** Task requirements **
Set the pictures aside and return each record below precisely as written.
_ _ _ _ _ _ _
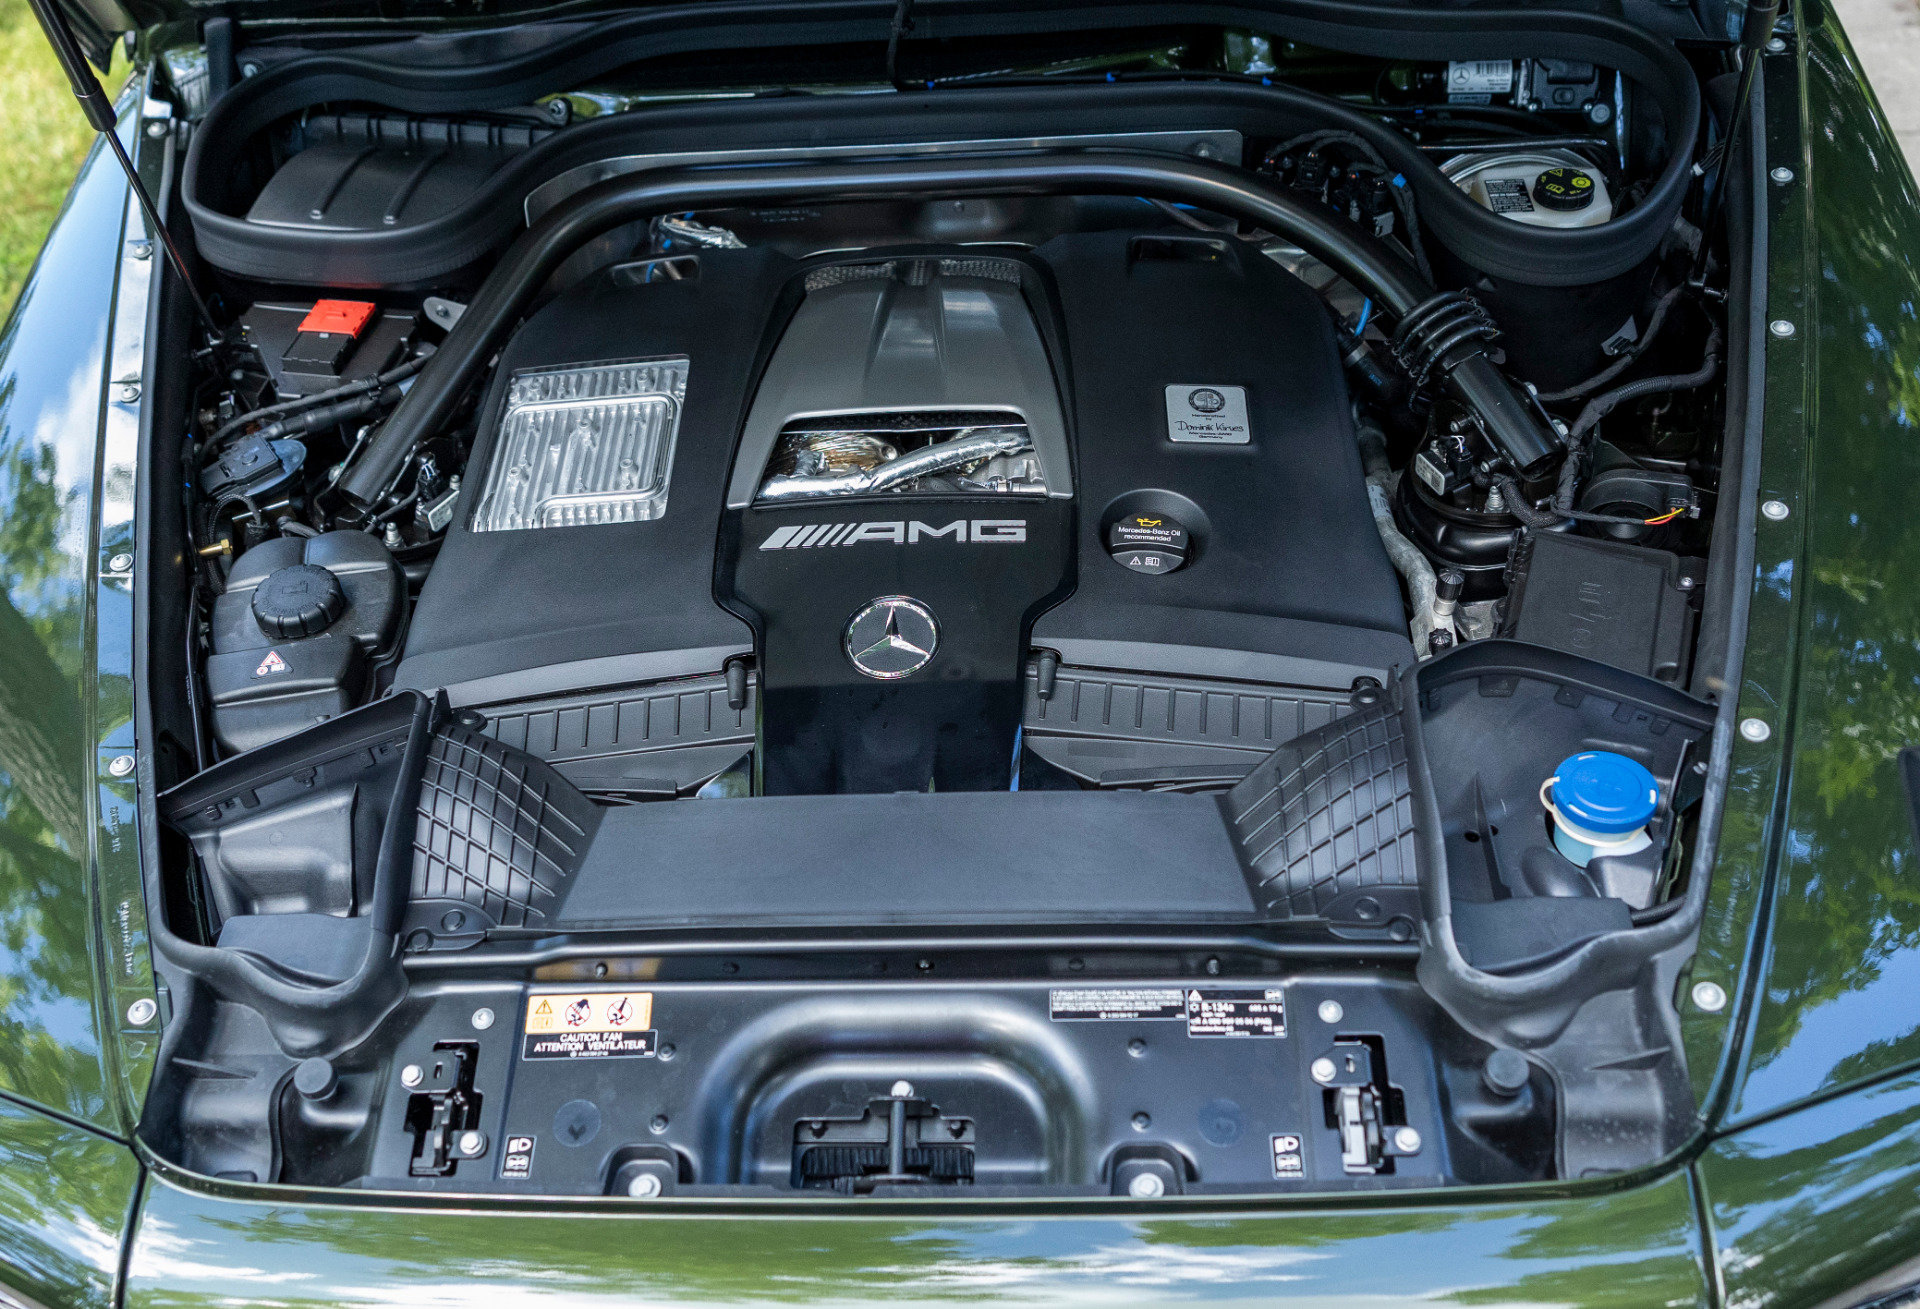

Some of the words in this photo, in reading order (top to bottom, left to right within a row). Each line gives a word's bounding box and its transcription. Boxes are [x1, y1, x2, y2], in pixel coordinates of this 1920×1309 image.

[1174, 420, 1214, 431] Dominik
[843, 519, 1027, 545] AMG
[1118, 526, 1170, 536] Mercedes-Benz
[1123, 534, 1172, 542] recommended
[1201, 1001, 1235, 1012] R-134a
[560, 1032, 600, 1043] CAUTION
[603, 1031, 623, 1041] FAN
[533, 1041, 585, 1053] ATTENTION
[588, 1039, 646, 1051] VENTILATEUR
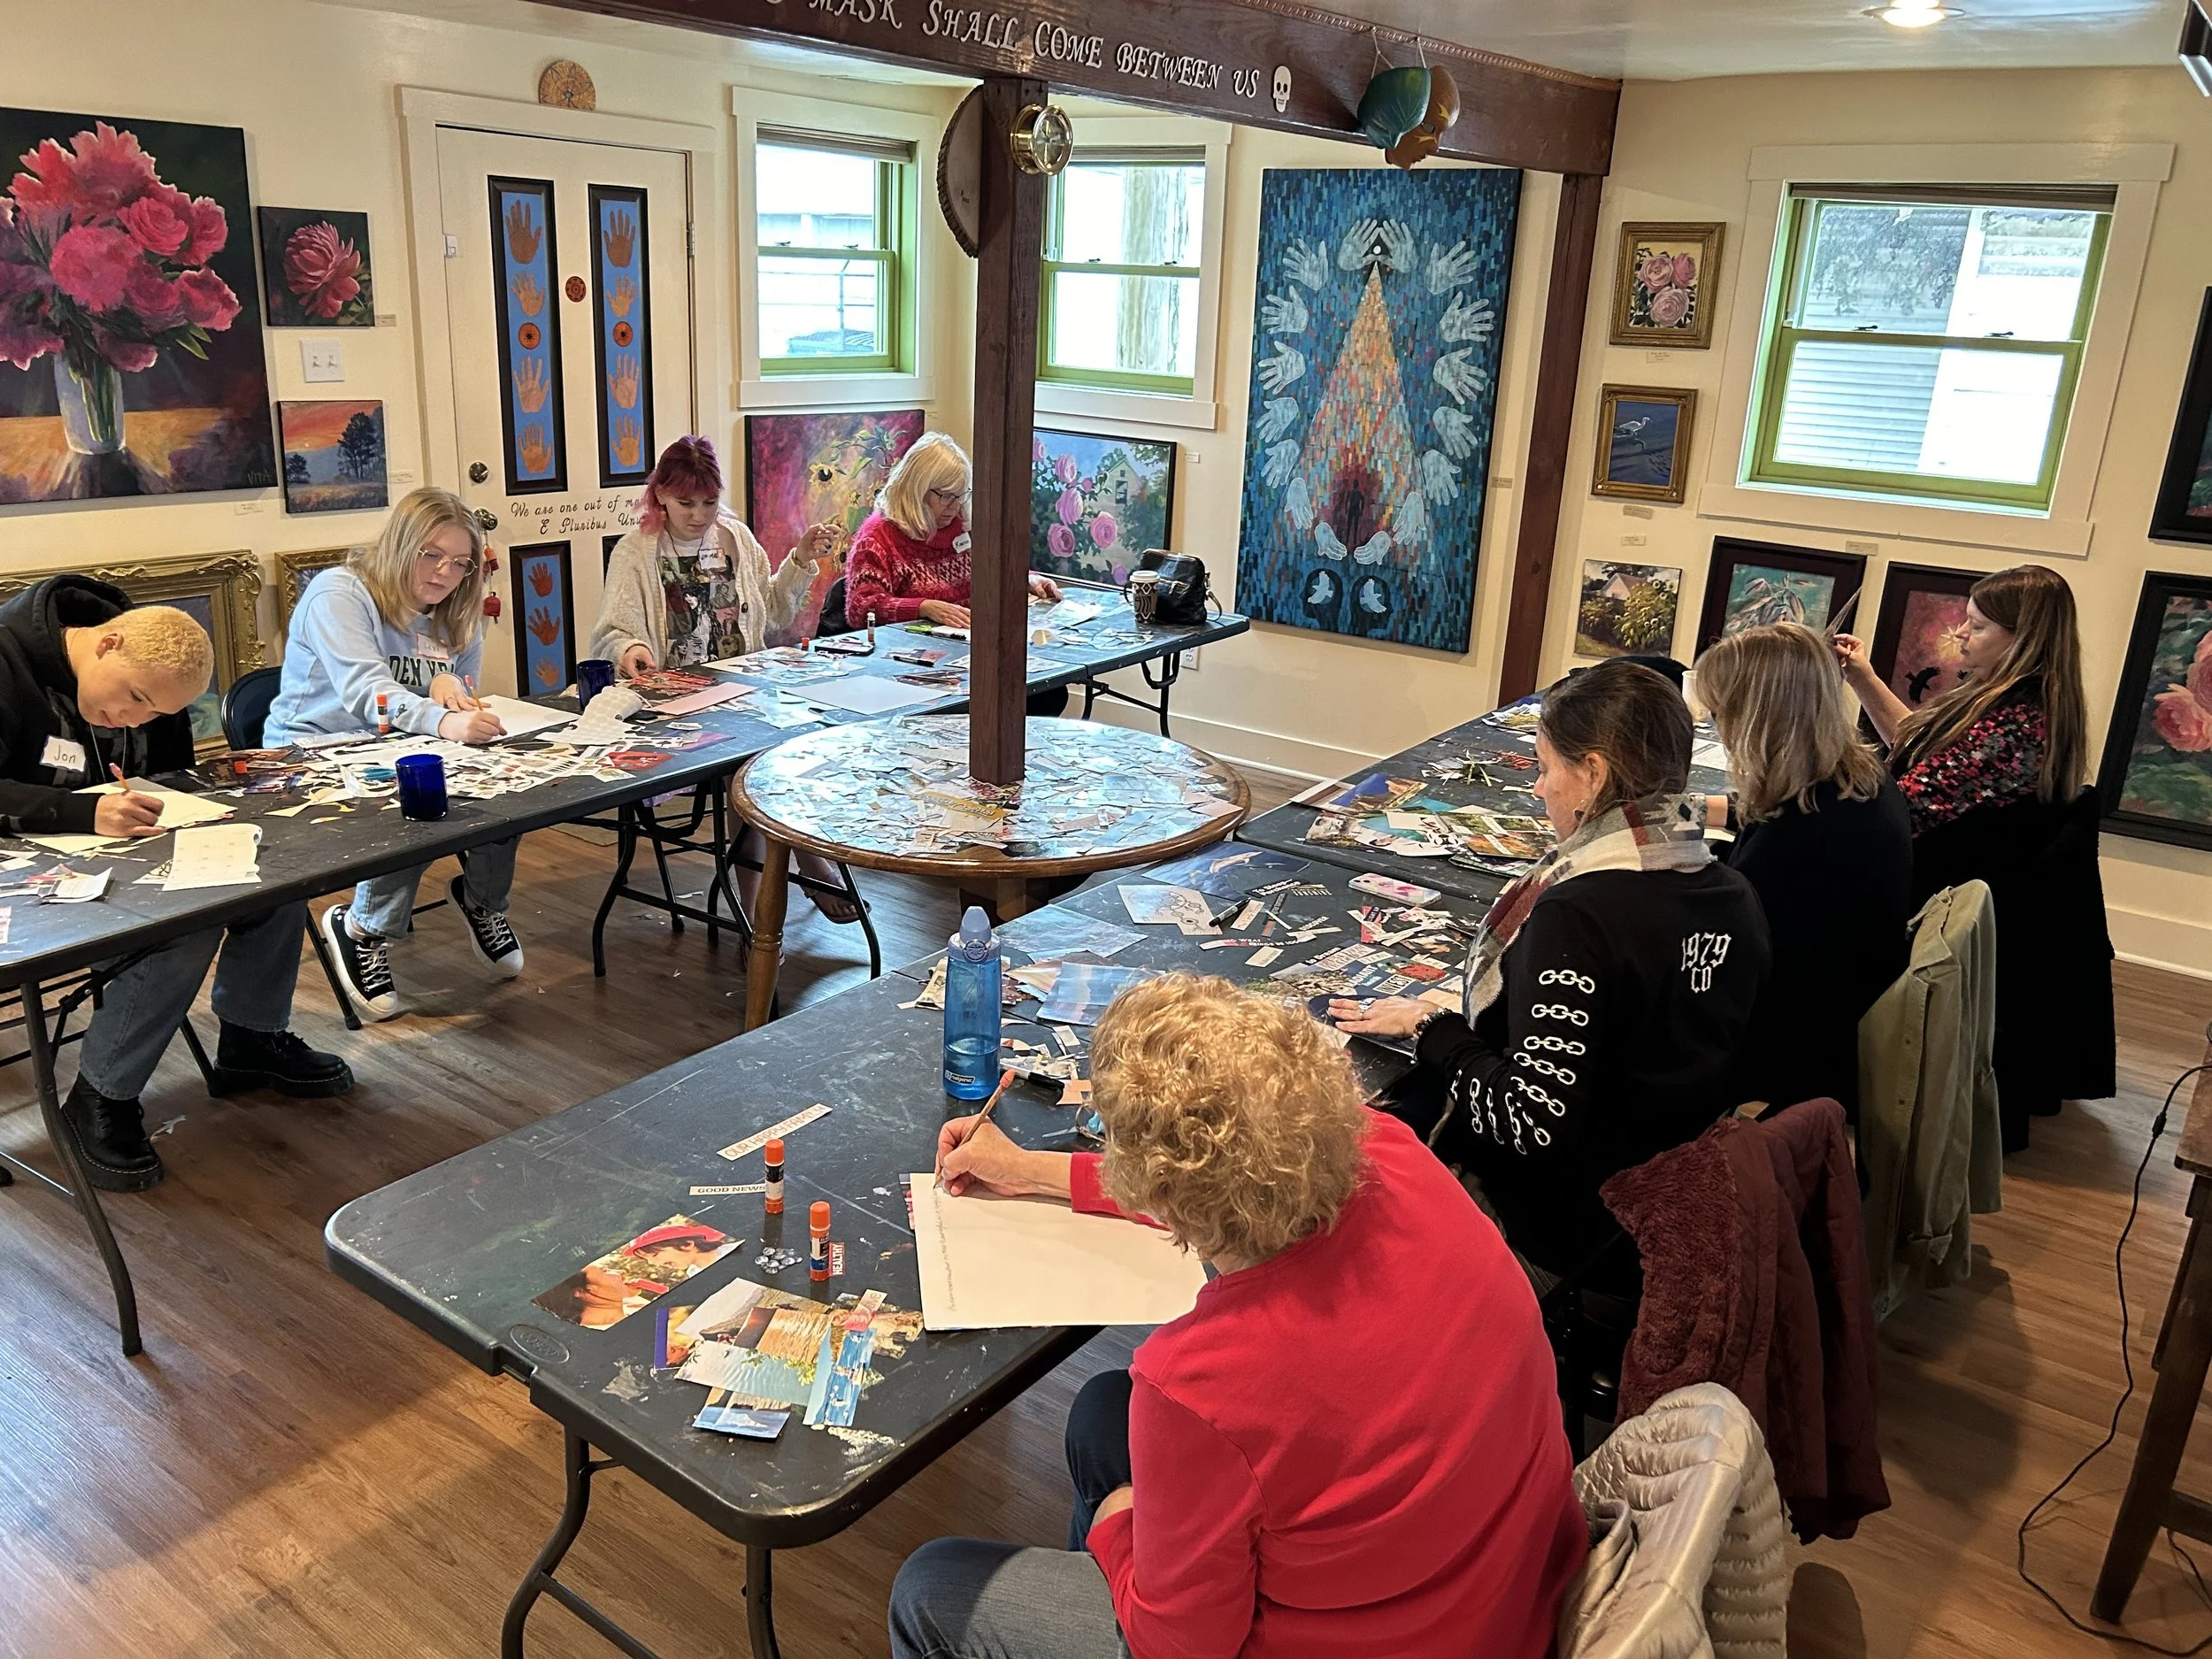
_ _ _ _ _ _ _
** Finished task **
Some of the words in this photo, in reading order (top to bottom, left to right within a row). Each line gives a word's bounding box and its transcription. Boxes are [x1, y1, x2, y2], in pixel coordinates of this 1920×1309 image.

[1174, 420, 1214, 431] Dominik
[843, 519, 1027, 545] AMG
[1118, 526, 1170, 536] Mercedes-Benz
[1123, 534, 1172, 542] recommended
[1201, 1001, 1235, 1012] R-134a
[560, 1032, 600, 1043] CAUTION
[603, 1031, 623, 1041] FAN
[533, 1041, 585, 1053] ATTENTION
[588, 1039, 646, 1051] VENTILATEUR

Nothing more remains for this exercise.